Übersicht

Nachrichten

LOEWE-GLUE – Ein Computerprogramm bereichert die Arzneimittelforschung: Größte Proteinfamilie enthält ungenutzte Angriffspunkte für Heilmittel

Ein internationales Team um die Marburger Wissenschaftler und LOEWE-GLUE-Leiter Dr. Peter Kolb, Professor für Pharmazeutische Chemie und Dr. Moritz Bünemann, Professor für Pharmakologie und Toxikologie, hat eine Software zu Hilfe genommen, um neue Angriffspunkte für künftige Medikamente zu finden. Das Forschungsteam entdeckte bei einer der größten Proteinfamilien mehrere neue Kopplungsstellen, an denen Wirkstoffe ansetzen können. Die Ergebnisse wurden im Wissenschaftsmagazin „Nature Communications“ veröffentlicht.

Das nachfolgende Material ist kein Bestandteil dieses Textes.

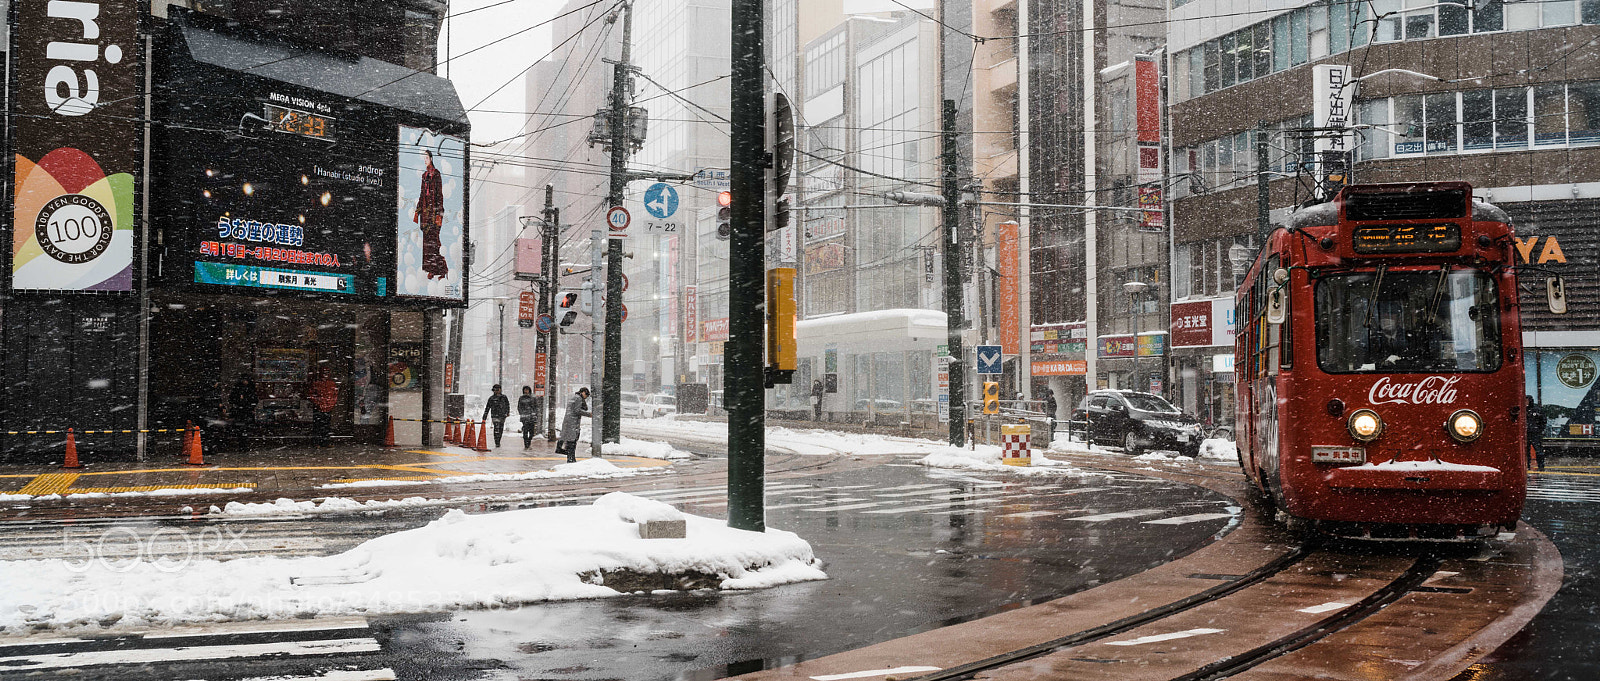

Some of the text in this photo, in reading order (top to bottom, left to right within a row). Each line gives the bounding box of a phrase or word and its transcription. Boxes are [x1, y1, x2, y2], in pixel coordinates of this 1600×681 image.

G-Protein-gekoppelte Rezeptoren, kurz GPCR sind an zahlreichen Lebensvorgängen beteiligt und bilden die größte Familie von Proteinen, die als Ziel von Medikamenten dienen. Hierzu zählen Entzündungen, die Verarbeitung von Sinnesempfindungen und die Wirkung von Hormonen. Fast ein Drittel der rezeptpflichtigen Arzneimittel richtet sich gegen GPCR. „Um die Proteine zu blockieren oder zu stimulieren, benötigt man Wirkstoffe, die genau in eine der zahlreichen Bindungstaschen der Proteine passen“, erläutert Peter Kolb.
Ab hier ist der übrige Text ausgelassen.